Top of RECORDS
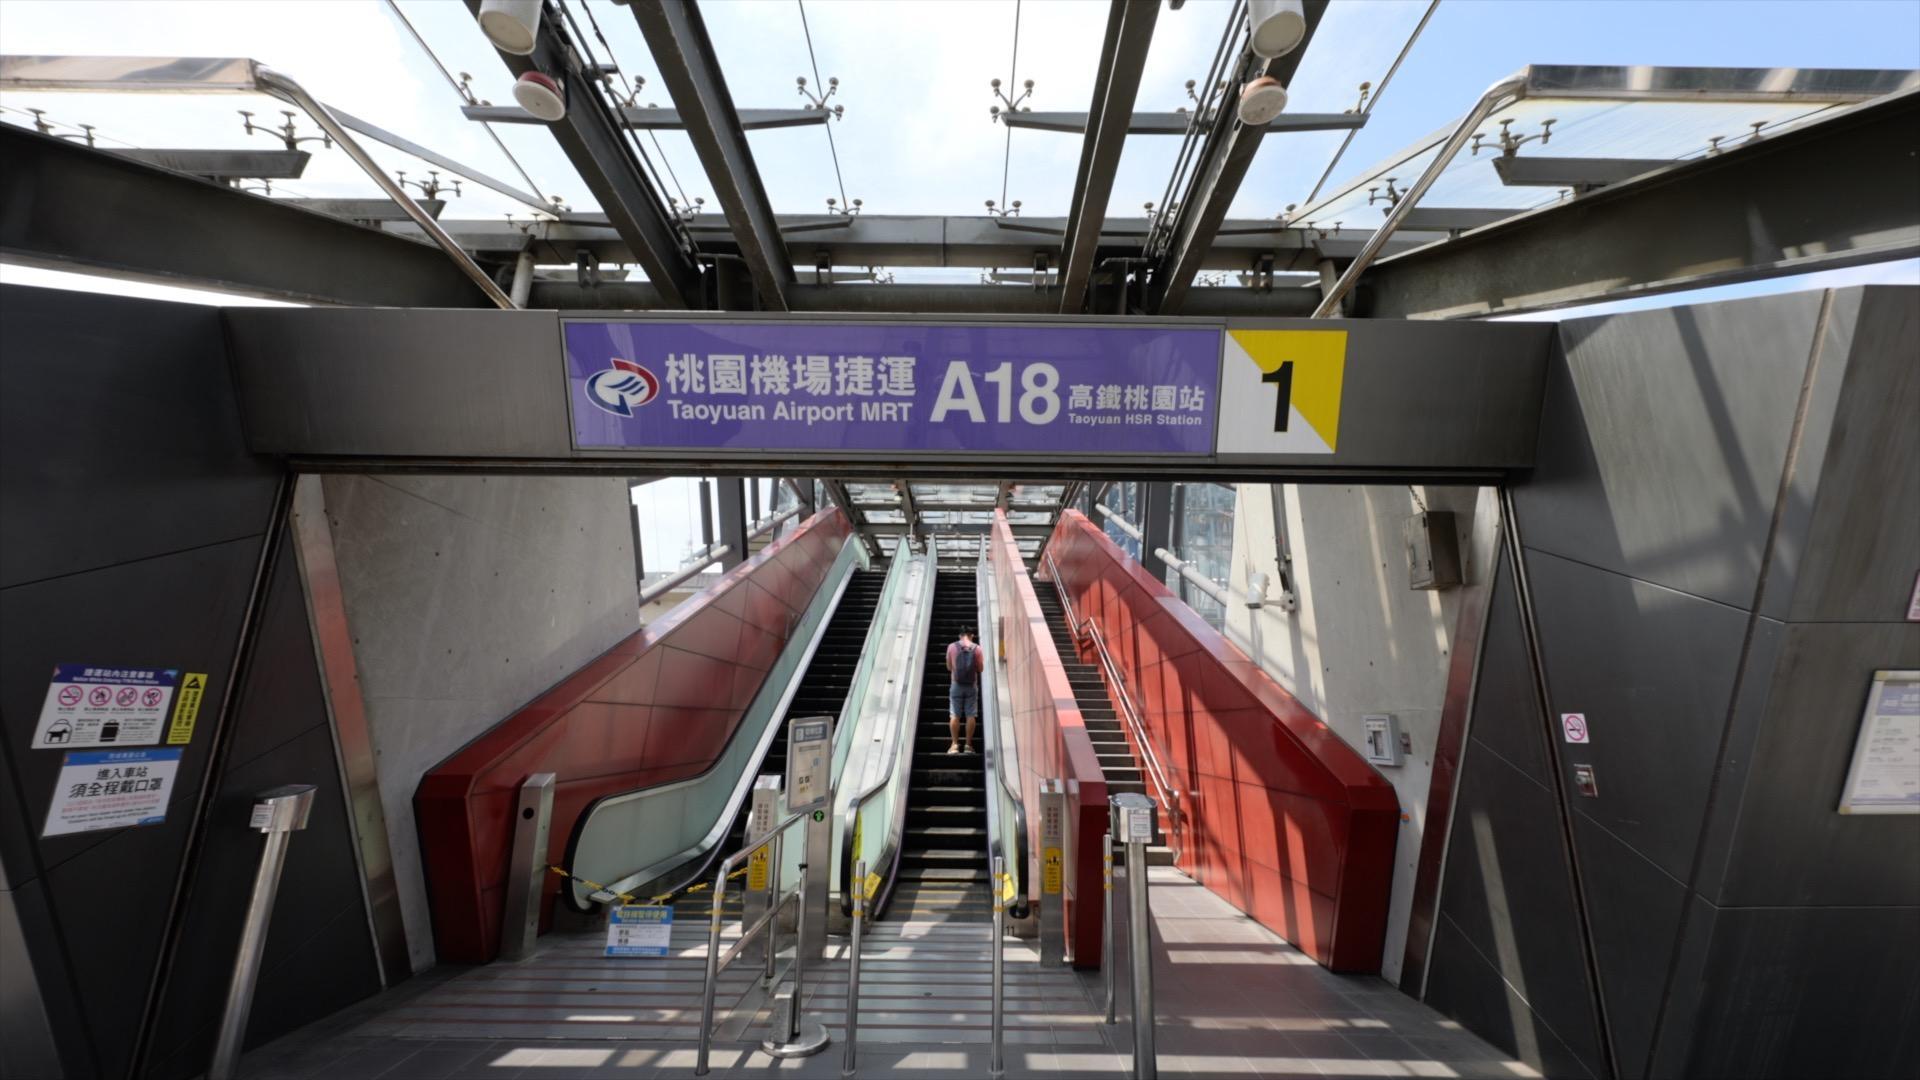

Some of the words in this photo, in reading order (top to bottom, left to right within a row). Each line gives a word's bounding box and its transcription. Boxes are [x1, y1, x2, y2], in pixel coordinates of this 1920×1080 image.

[665, 353, 916, 396] 桃園機場捷運
[929, 361, 1060, 425] A18
[1068, 384, 1205, 412] 高鐵桃園站
[1262, 361, 1294, 432] 1
[667, 400, 765, 424] Taoyuan
[773, 401, 853, 425] Airport
[861, 402, 912, 421] MRT
[1068, 413, 1120, 426] Taoyuan
[1125, 414, 1152, 425] HSR
[1156, 414, 1202, 425] Station
[96, 766, 148, 780] 進入車站
[68, 777, 163, 798] 須全程戴口罩
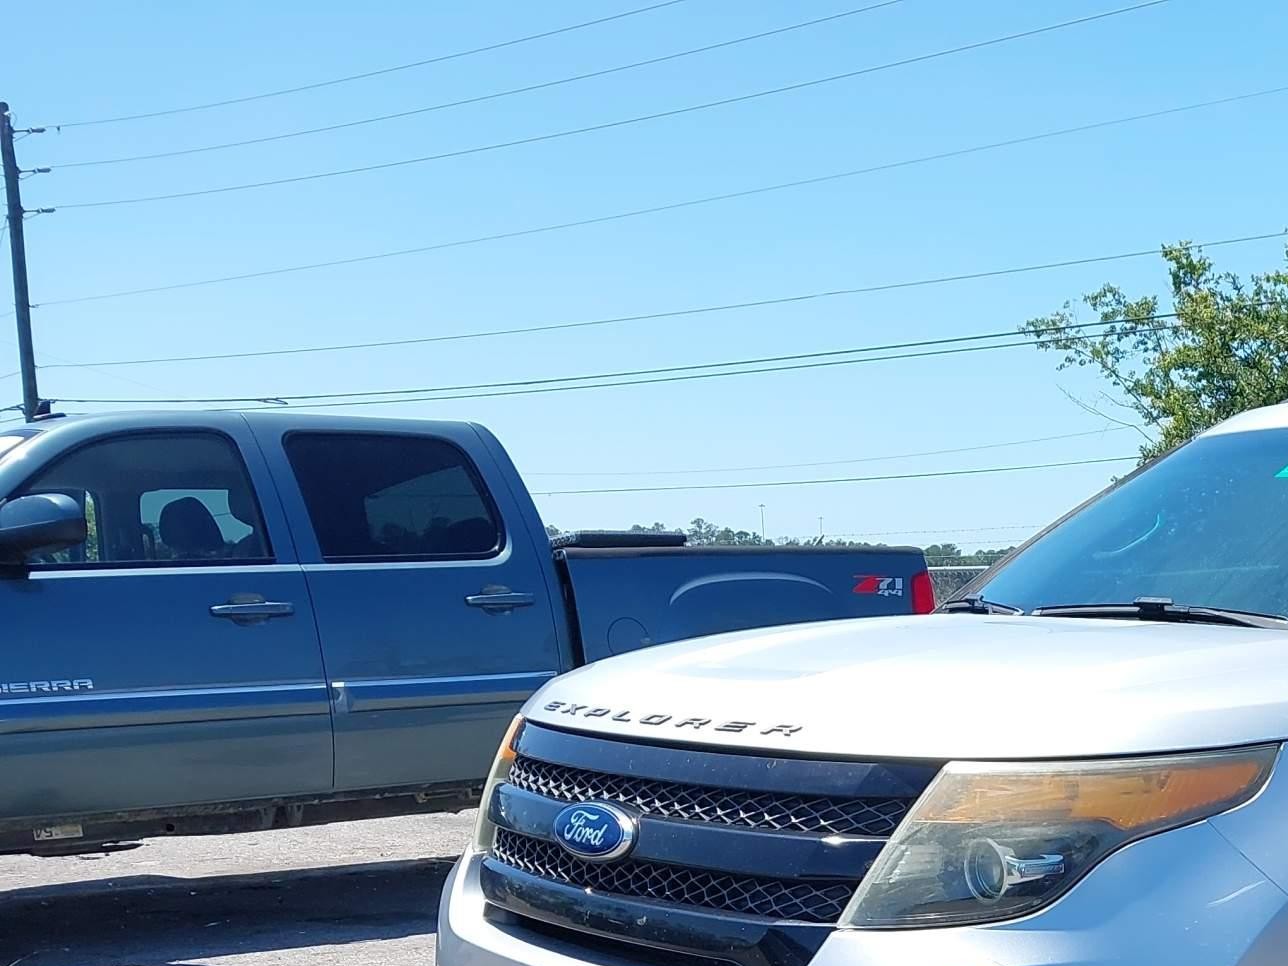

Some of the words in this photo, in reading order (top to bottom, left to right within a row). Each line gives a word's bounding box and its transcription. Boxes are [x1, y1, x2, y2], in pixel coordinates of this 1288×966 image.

[0, 679, 94, 693] IERRA
[543, 701, 803, 737] EXPLORER
[564, 810, 608, 846] Ford
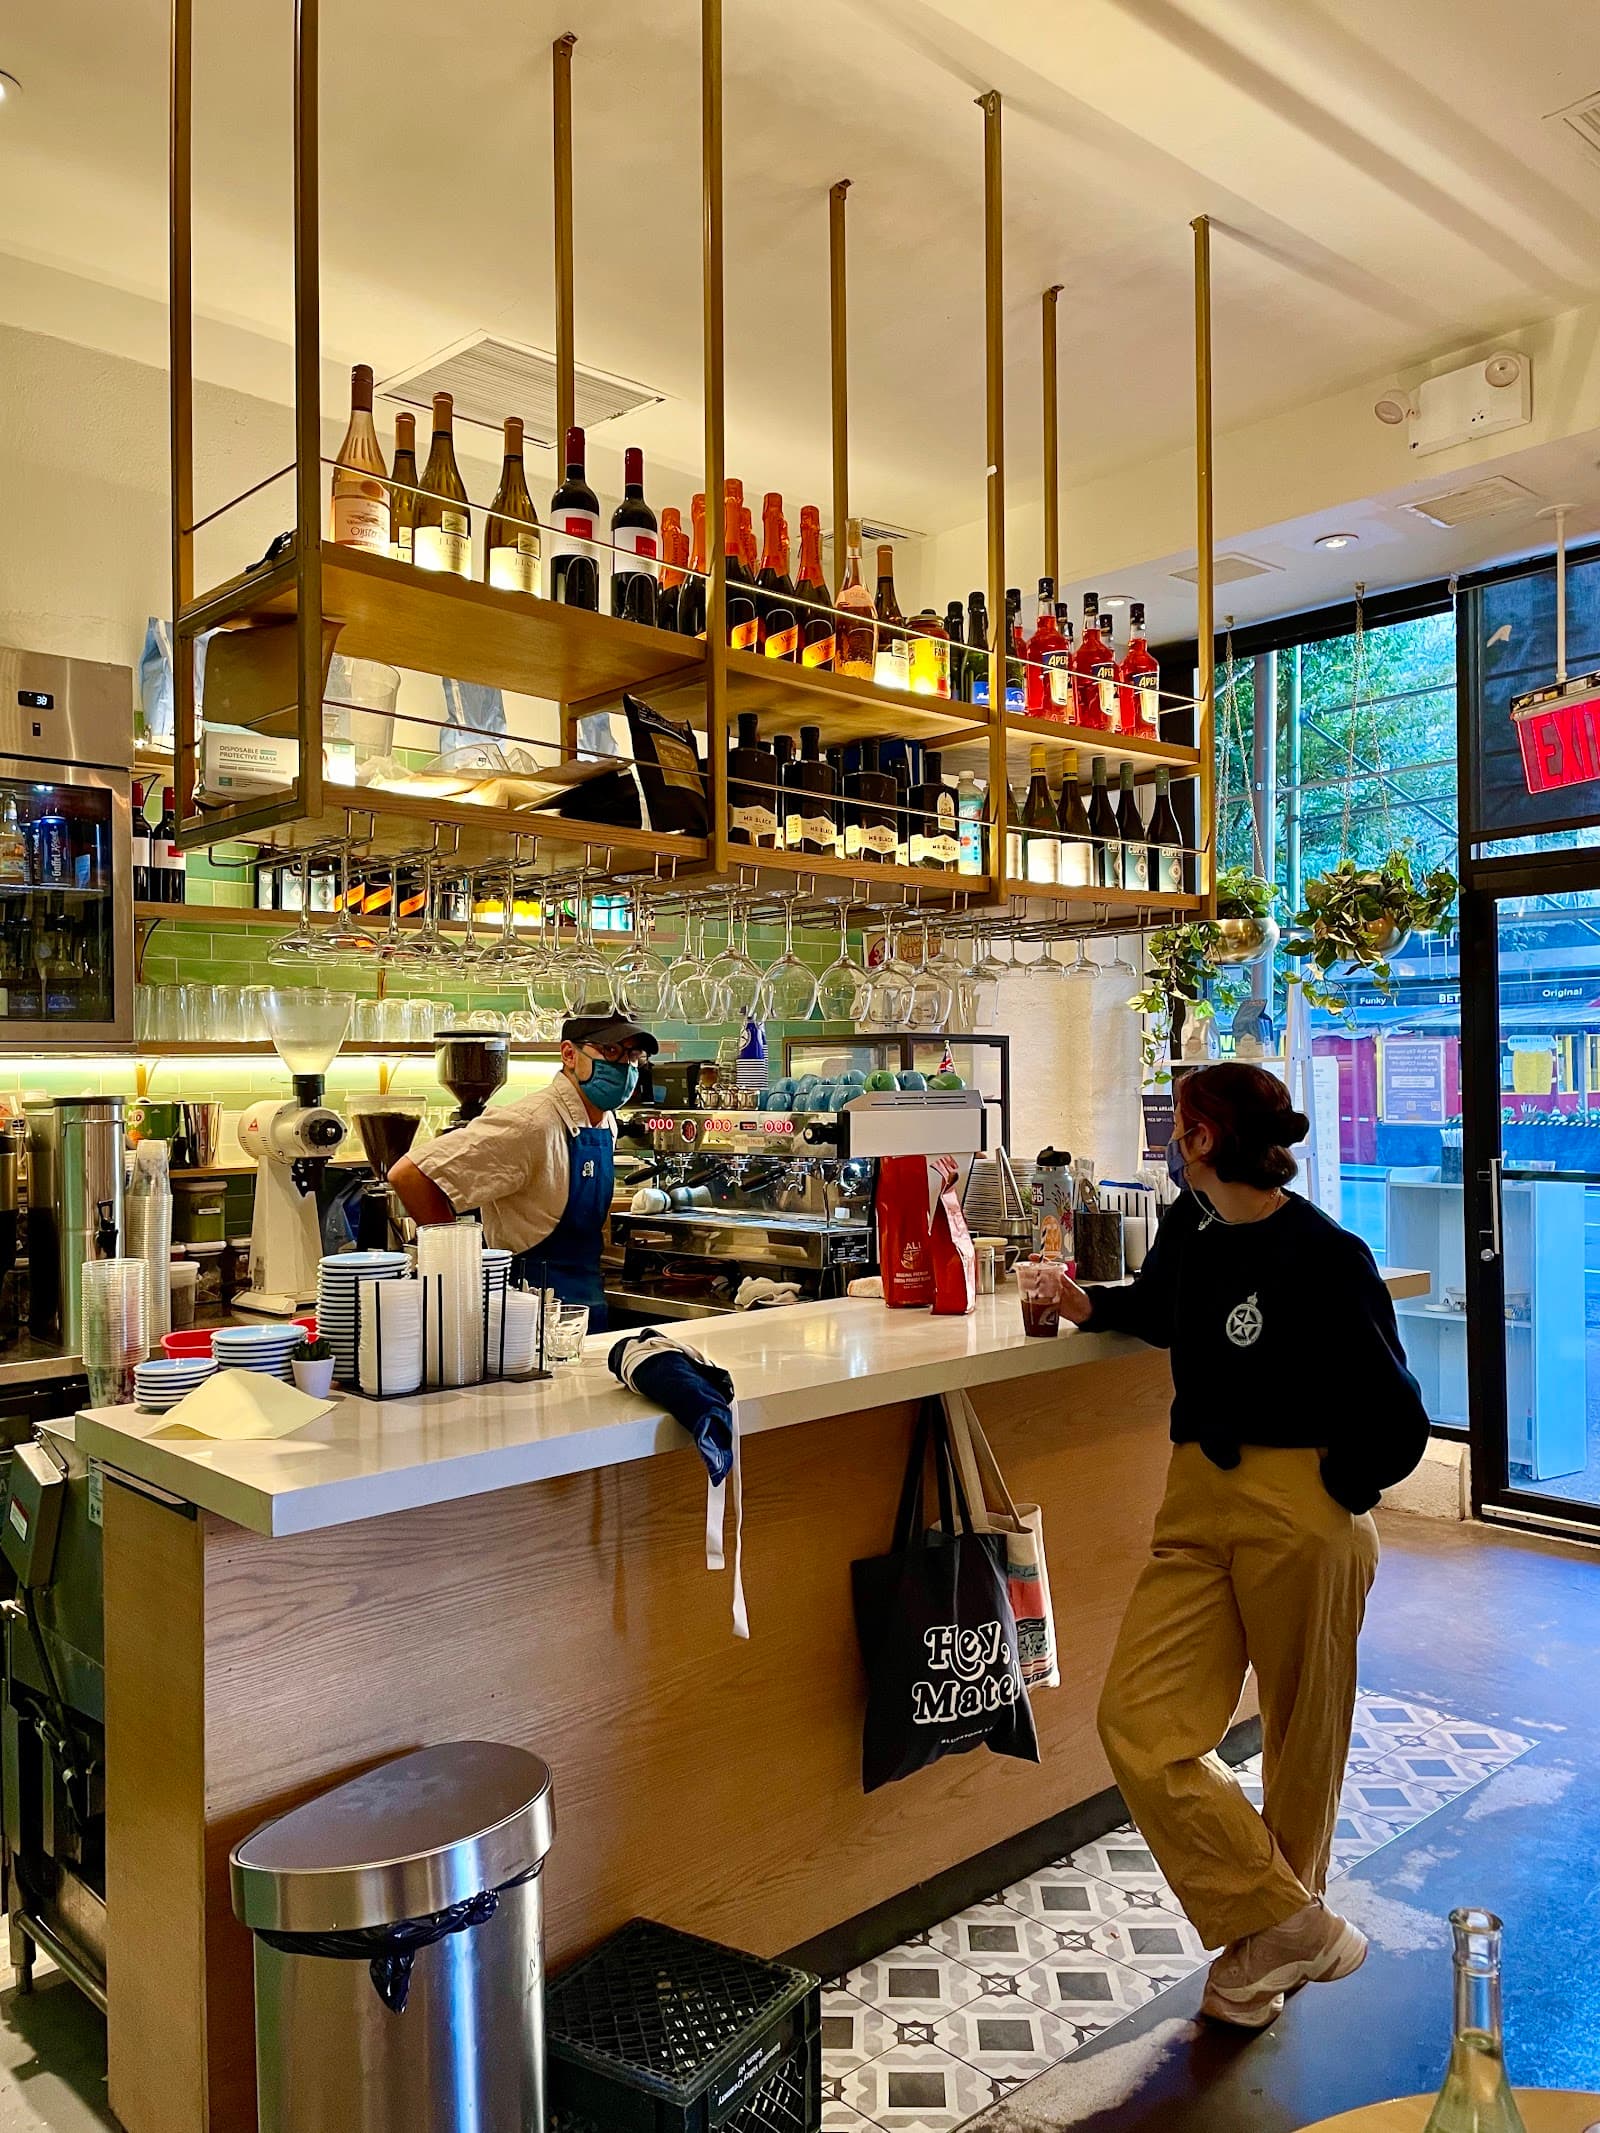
Bottom of RECORDS
* WHAT NEEDS TO BE DONE *
Repeat exactly the lines from the one containing "this 1288×966 image." to the last line of the data above, both included, and write no pictures into the copy.

* SOLUTION FOR THIS EXERCISE *
Some of the words in this photo, in reading order (top to bottom, left to right within a row). Each line gives a word's bounding box and its transcription. Boxes are [x1, y1, x2, y2], in pixel coordinates of this 1288×966 image.

[0, 679, 94, 693] IERRA
[543, 701, 803, 737] EXPLORER
[564, 810, 608, 846] Ford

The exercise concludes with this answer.